For remote metastore updates, we will either use a periodical synchronization (current approach), or monitor event log and fetch affected objects from SQL database ( Unable to render Jira issues macro, execution error. ). Both options are discussed already in “Cache Consistency” section.

Aggregated Statistics

We already have aggregated stats module in ObjectStore ( Unable to render Jira issues macro, execution error. ). However, the base column statistics is not cached and needs to fetch from SQL database everytime needed. We plan to port aggregated stats module to CachedStore to use cached column statistics to do the calculation. One design choice yet to make is whether we need to cache aggregated stats, or calculate them on the fly in the CachedStore assuming all column stats are in memory. But in either case, once we turn on aggregate stats in CacheStore, we shall turn off it in ObjectStore (already have a switch) so we don’t do it twice.

getPartitionsByExpr

This is one of the most important operations in Hive metastore we want to optimize. The ObjectStore already have the ability to evaluate an expression against a list of partitions in memory. We plan to adopt the same approach. The assumption is even though we need to evaluate expression of every partitions of the table in memory, calculation time is still much lesser than database access time even though we can push some expression conditions to sql database. This is supported by some initial testing (shown below), but need to evaluate more in the future. In case it becomes a problem, a memory index to accelerate in memory expression evaluation is possible.

Architecture

CachedStore will implement a RawStore interface. CachedStore internally wraps a real RawStore implementation which could be anything (either ObjectStore, or HBaseStore). In HiveServer2 embedded metastore or standalone metastore setting, we will set hive.metastore.rawstore.impl to CachedStore, and hive.metastore.cached.rawstore.impl (the wrapped RawStore) to ObjectStore. If we are using HiveCli with embedded metastore, we might want to skip CachedStore since we might not want prewarm latency.

Potential Issues

There are maybe some potential issue or unimplemented featrue in the initial version due to time limitation:

  1. Remote metastore invalidation by monitoring event queue. Discussed above and may not make it in version 1

  2. getPartitionsByFilter may not be implemented. This API takes a string form of expression which we need to parse and evaluate in metastore. This API is only used in HCatalog and for backward compatibility. Hive itself will use getPartitionsByExpr which takes a binary form of expression and already addressed

  3. It is better to have a cache memory estimation, so we can control the memory usage of cache. However, memory estimation could be tricky especially considering interned string. In the initial version, we might only put a limit on the number of partitions, as we saw the memory usage is dominant by partition.
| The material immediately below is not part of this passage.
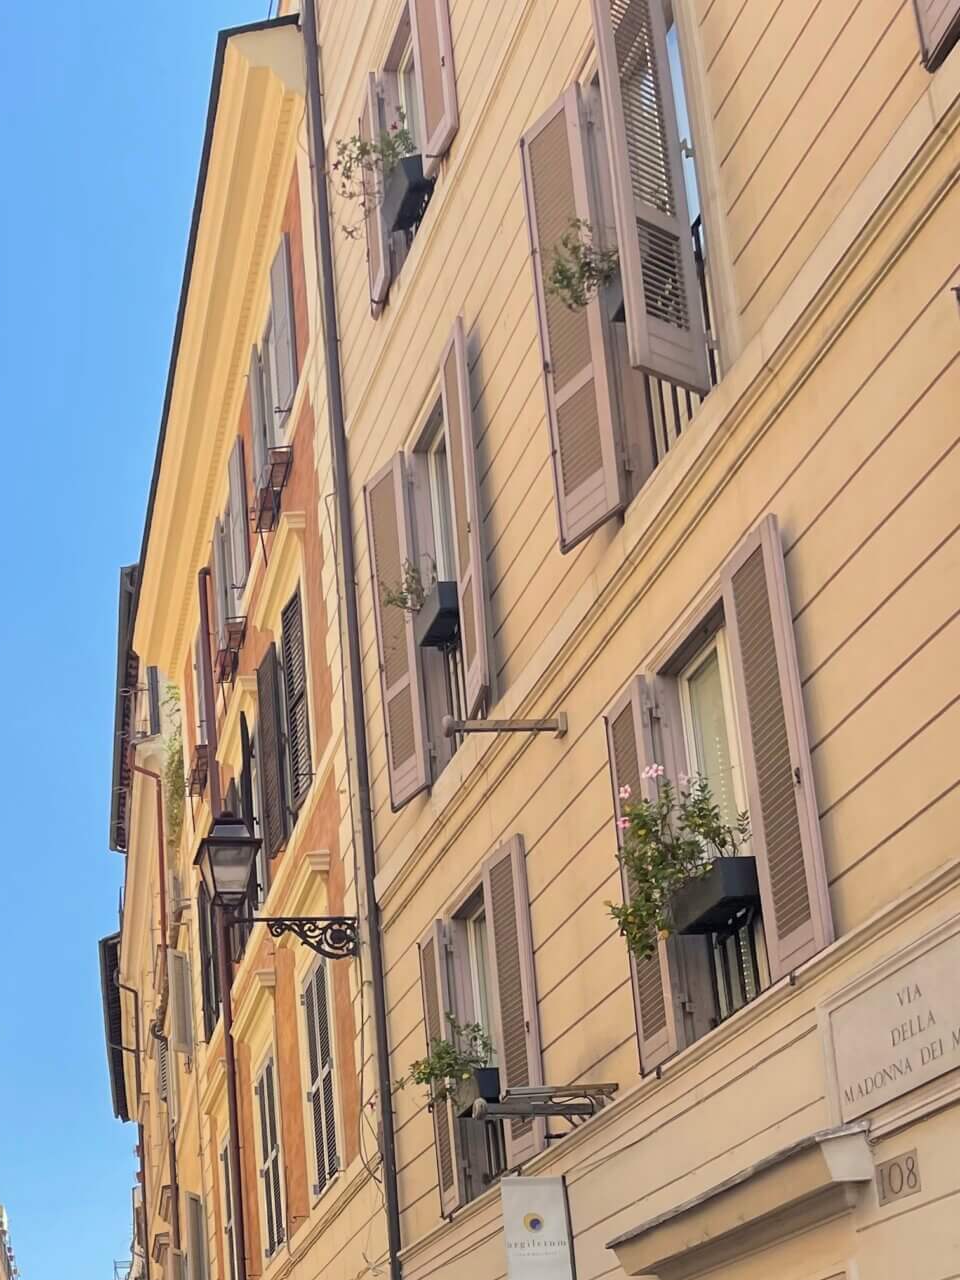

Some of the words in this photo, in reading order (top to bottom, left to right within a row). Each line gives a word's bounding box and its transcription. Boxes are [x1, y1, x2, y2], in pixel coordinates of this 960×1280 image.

  4. In current design, once cache usage exceeds threshold (number of partitions exceeds threshold, or memory usage exceeds threshold in future version), Metastore will exit. If the metastore is still running with missing cache, some operations such as getPartitionsByExpr would produce wrong result. One potential optimization is we evict cache in table level, i.e., once memory is full, evict some tables alongs with all its partitions. When we want a missing table/partition, retrieve the table along with all partitions from SQL database. This is possible but adds a lot of complexity to the current design. We might only consider it if we observe memory footprint is excessive in the future.

  5. In prewarm, we fetch all partitions of a table in one SQL operation. This might or might not be a problem. However, fetching partition one by one is either not an option as it would take excessive long time. We might need to find some way to address it (like paging) if this becomes a problem

Compare to Presto

In our design, we sacrifice prewarm time and memory footprint in change of simplicity and better runtime performance. By monitoring event queue, and can solve the remote metastore consistency issue which is missing in Presto. Architecture level, CachedStore is a lightweight cache layer wrapping the real RawStore, with this design, there’s nothing prevent us to implement alternative cache strategy in addition to our current approach.